The wonderful Biblical scholar Wilda Gafney in her book Womanist Midrash – a source this sermon draws on strongly – tells us that this is not the only tradition of Hagar’s name. She figures prominently in the Islamic tradition and there her name is given as Hajar. This name has beautiful potential meanings from ‘Splendid’ to ‘Nourishing’. Here is a name that speaks of the worth that belongs to each human creature. Here is a name that says this woman is her own person, a beloved daughter of God, not a possession. This is what I will call her in this sermon from now on.

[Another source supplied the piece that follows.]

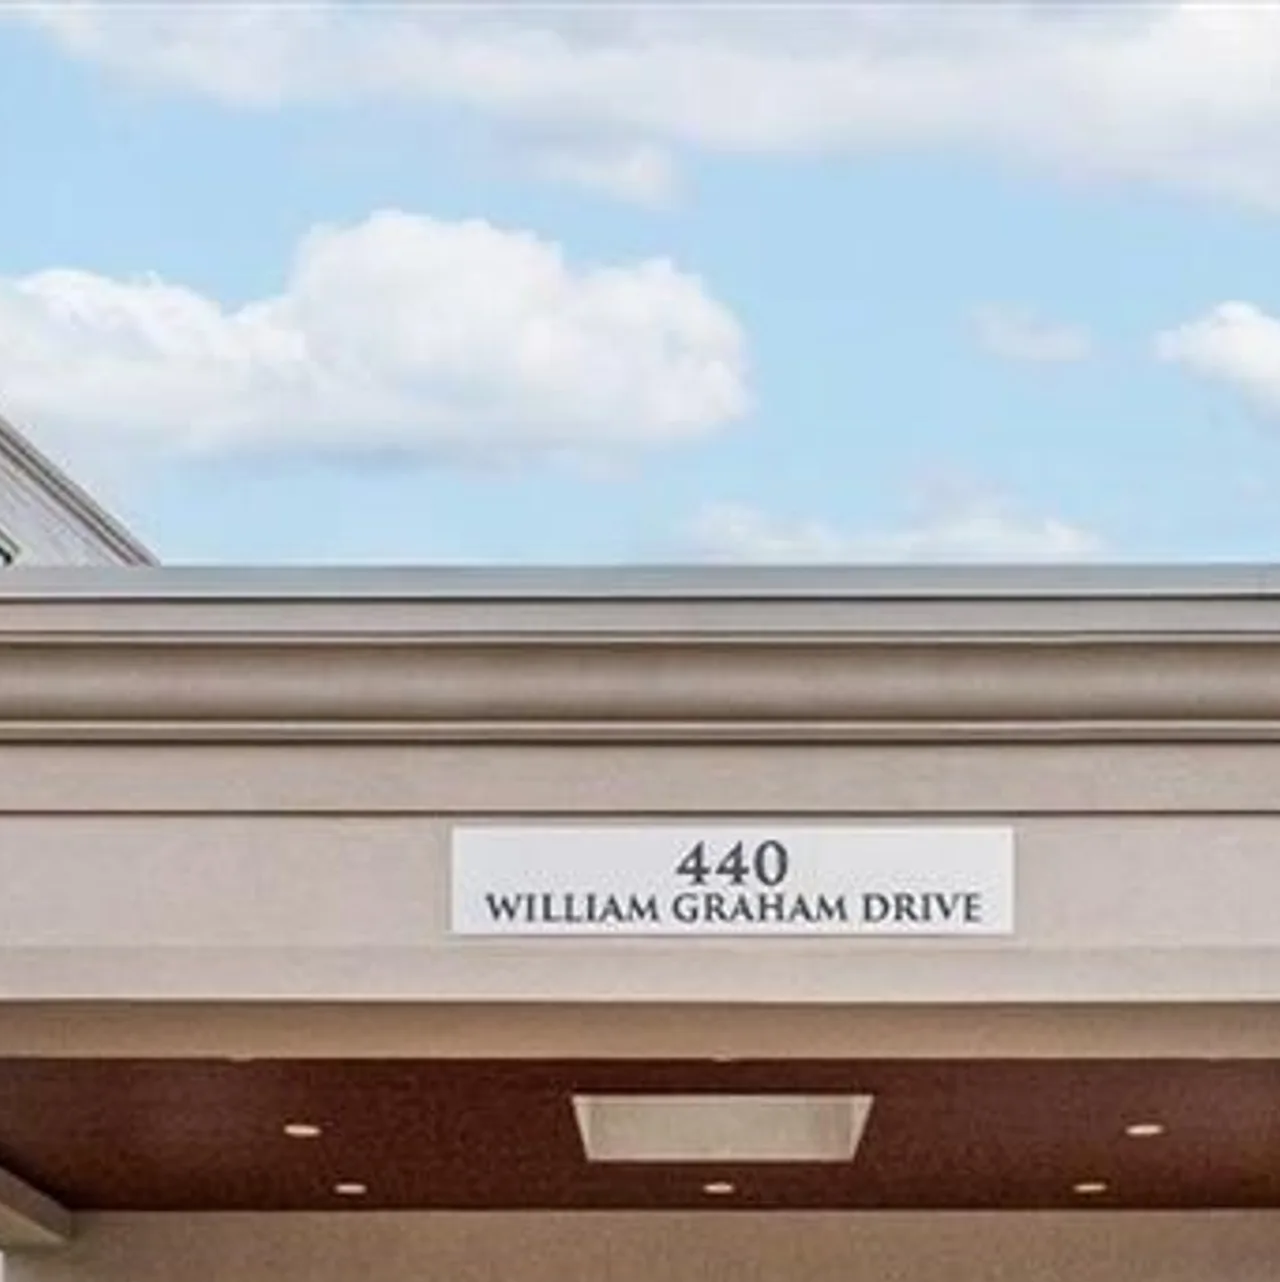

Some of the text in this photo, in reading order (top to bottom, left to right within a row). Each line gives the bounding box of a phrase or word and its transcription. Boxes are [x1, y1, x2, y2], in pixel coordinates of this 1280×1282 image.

[676, 839, 789, 887] 440
[486, 893, 982, 923] WILLIAM GRAHAM DRIVE

I want to take us back a few chapters in Genesis to the place where we first encounter Hajar. At this point Sarah is angry with Hajar because she feels insulted by her attitude – she expects her slave to treat her with respect – and so she beats her viciously causing Hajar to flee to the wilderness. Here Hajar is again at the point of despair and here again God comes to her. God tells her that she and her son are in his care, that she will be the mother of a great nation – the first divine annunciation in the entire Bible. And even more extraordinarily than that – Hajar is the first human being allowed to name God. The first human being in the whole of our scripture who names God is a slave woman – the most powerless of human beings in every hierarchy of the time.

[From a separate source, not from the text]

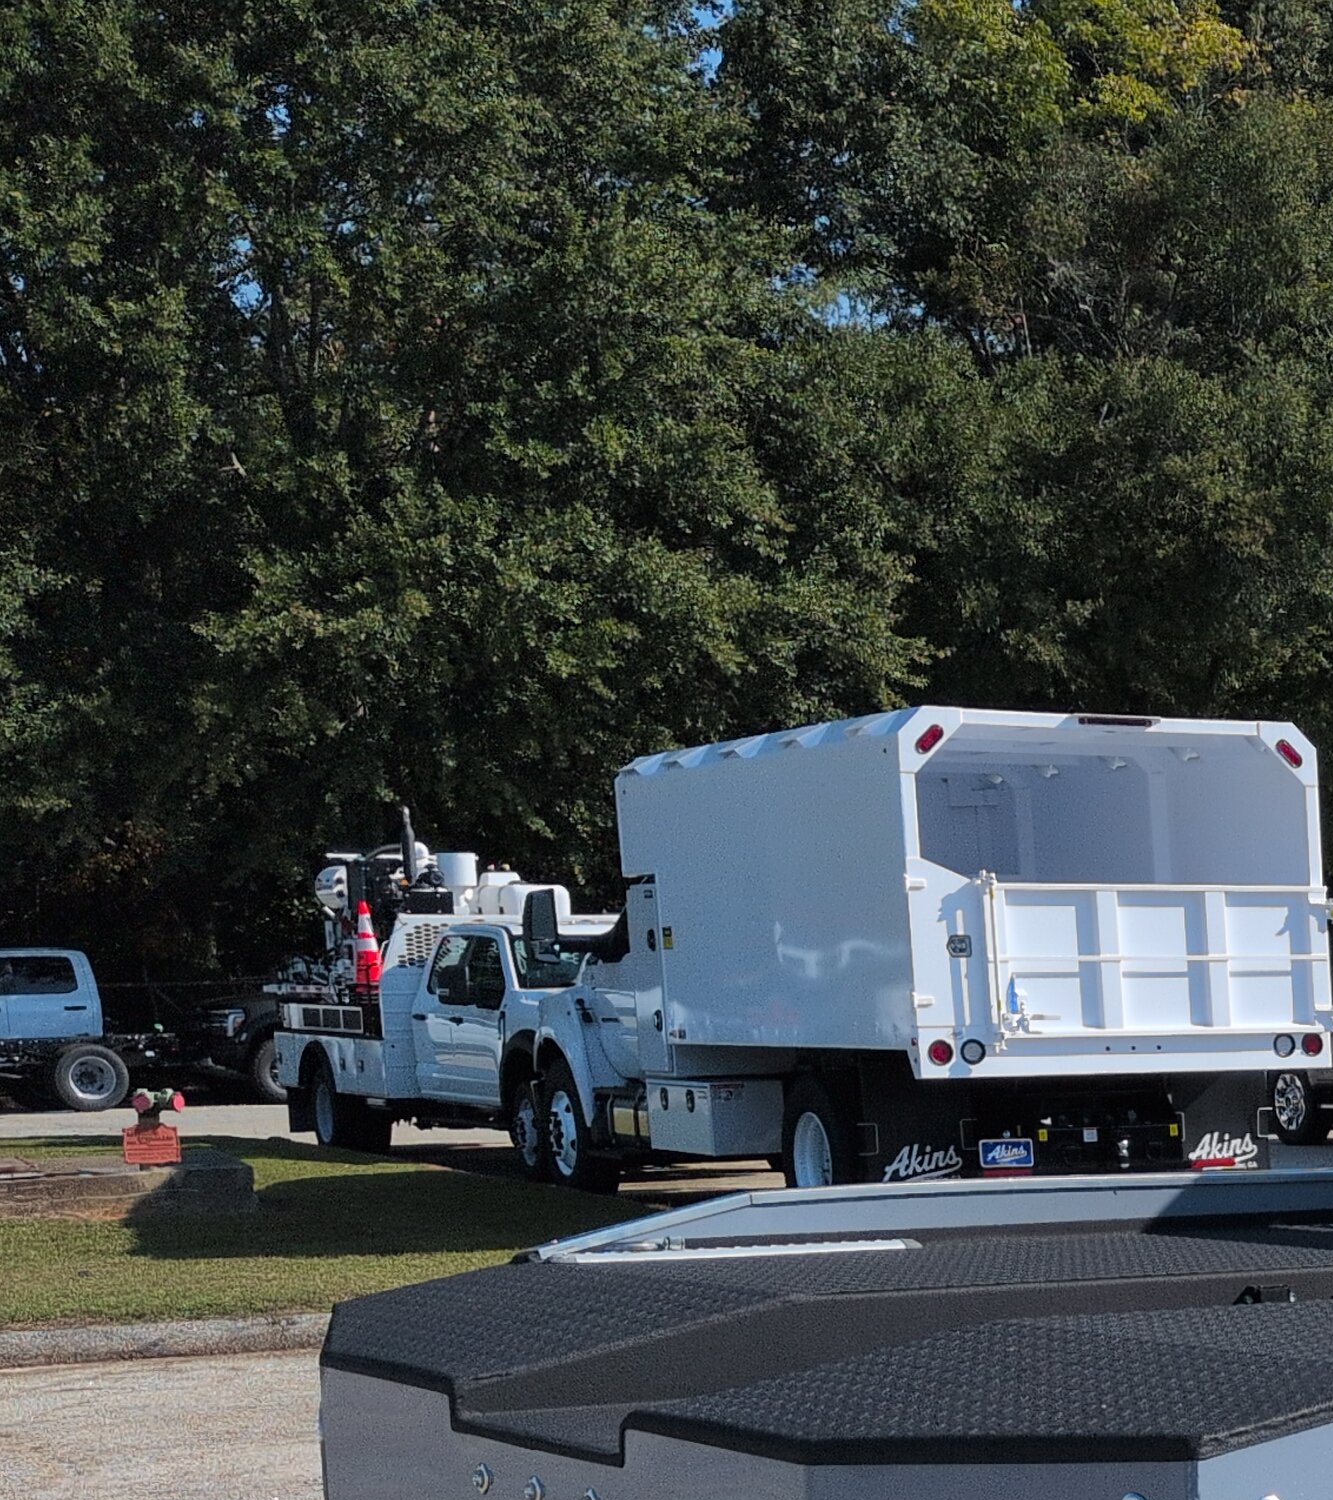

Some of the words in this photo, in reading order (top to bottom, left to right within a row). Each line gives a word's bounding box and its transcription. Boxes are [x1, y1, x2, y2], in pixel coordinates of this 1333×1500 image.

[986, 1143, 1027, 1162] Akins
[1188, 1131, 1258, 1161] Akins
[882, 1143, 962, 1182] Akins

And the name that Hajar gives to God is El Ro’i, God of seeing, interpreted by Gafney as meaning ‘Have I seen the one who sees me and lived to tell of it?’. God sees Hajar. God sees her as a human being of meaning and significance, as one who has the right to name the divine as it appears to her, as one strong enough to encounter the living God and to continue living. She is the one who is promised life not only for herself but for her children and her children’s children. And in the second encounter we heard today Hajar’s identity is affirmed as a beloved champion of God’s purposes: no one’s property, no one’s slave.

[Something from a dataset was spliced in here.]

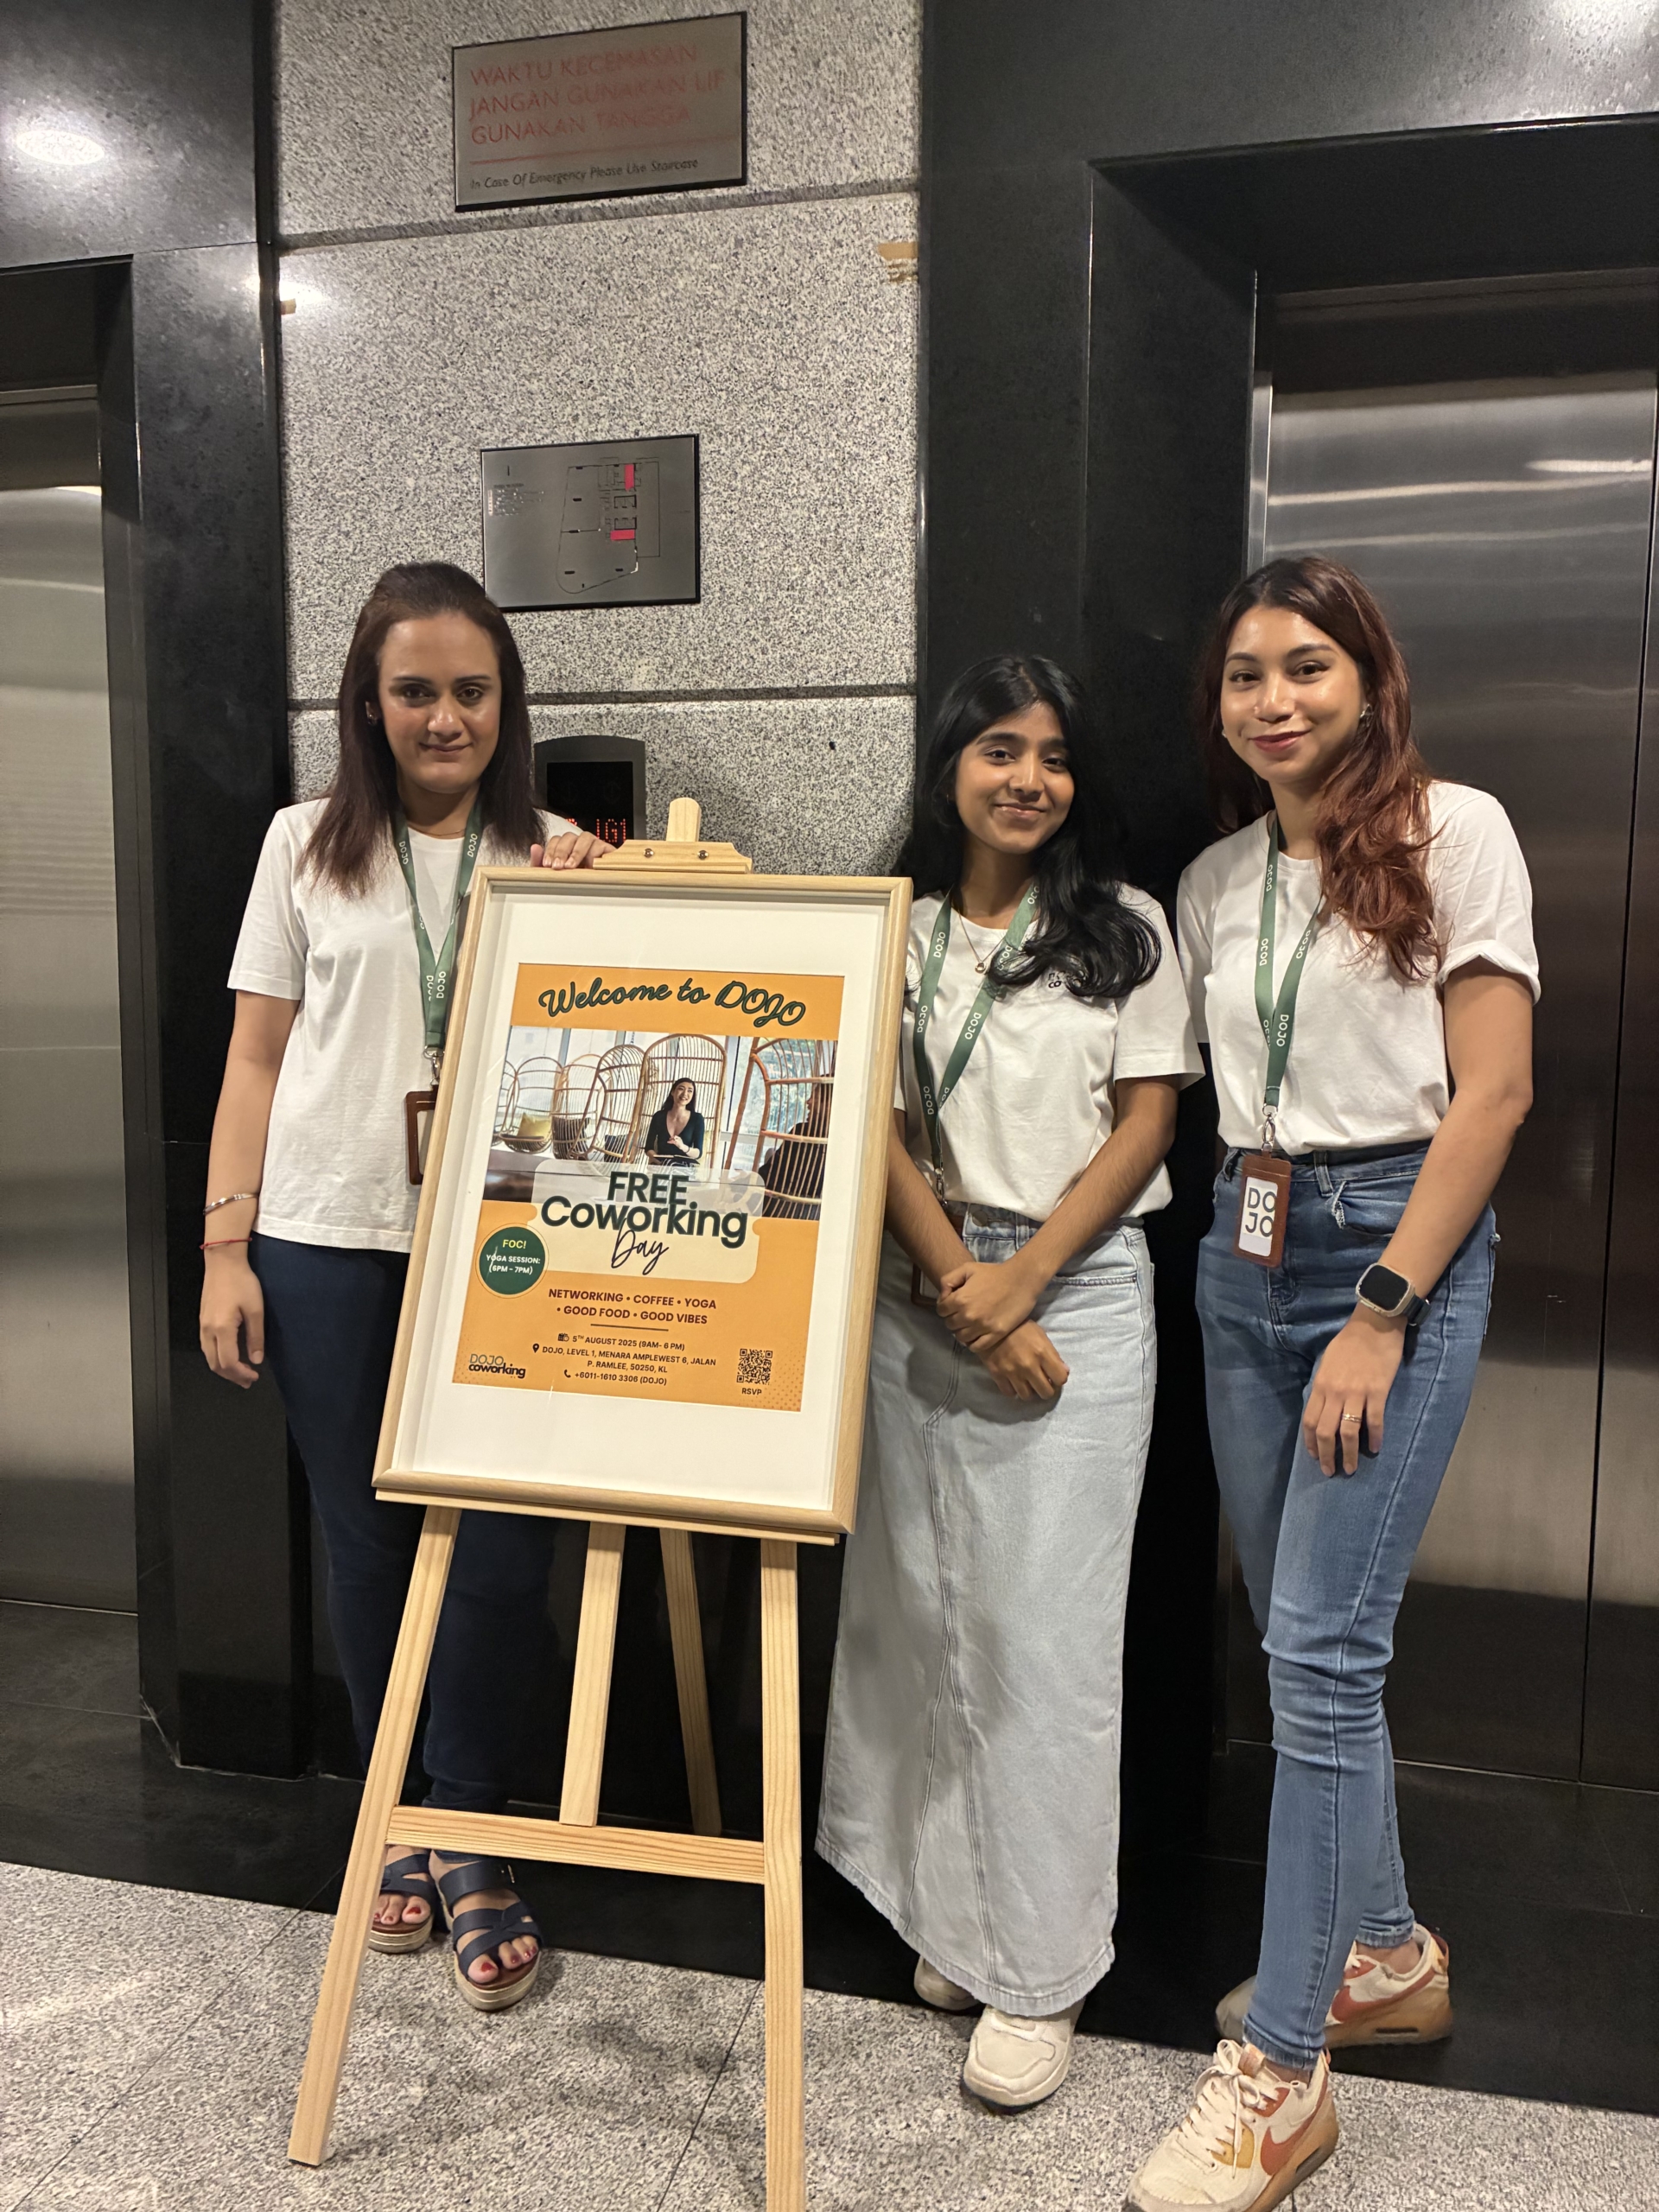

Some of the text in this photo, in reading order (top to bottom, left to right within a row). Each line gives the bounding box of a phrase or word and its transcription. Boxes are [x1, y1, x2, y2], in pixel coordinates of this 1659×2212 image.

Juneteenth celebrates emancipation in the United States, and reminds us that none are free until all are free. It reminds us of a historical recognition then that no human being should be another person’s property. But the next step was never taken. The step of seeing the children of freed slaves as equal to the children of those who owned them. The step of hearing hard truths and seeking reconciliation through justice. The step of making Black Lives Matter a reality rather than an essential rallying call. The step of reparations.
And, especially among people of faith, the step of listening to the names that Black voices are giving to reality and to God. If all you read in theology or fiction or news articles are the writings of white men then you are not learning the full truth of our world or of God. If you are not hearing womanist voices naming God then you are not hearing a crucial part of how God names Godself. We need to know the God Hajar named – El Ro’i – the one who sees the reality of injustice and oppression; the one reveals divine reality most clearly to those on the underside of power.
There is work for us to do. To wrestle with the Biblical texts that speak casually of slavery and mastery as in our gospel reading. To wrestle with the parts of ourselves that would abuse any power we have been given. To wrestle with a system of endemic racism that still causes mothers to fear for their sons’ very survival. This is holy work, work given to us by God and breathed through with God’s Spirit. This is work we can do, aided and blessed and led by El R’oi, the God who sees.
Wilda C. Gafney, Womanist Midrash: A Reintroduction to the Women of the Torah and the Throne, Westminster John Knox Press, 2017.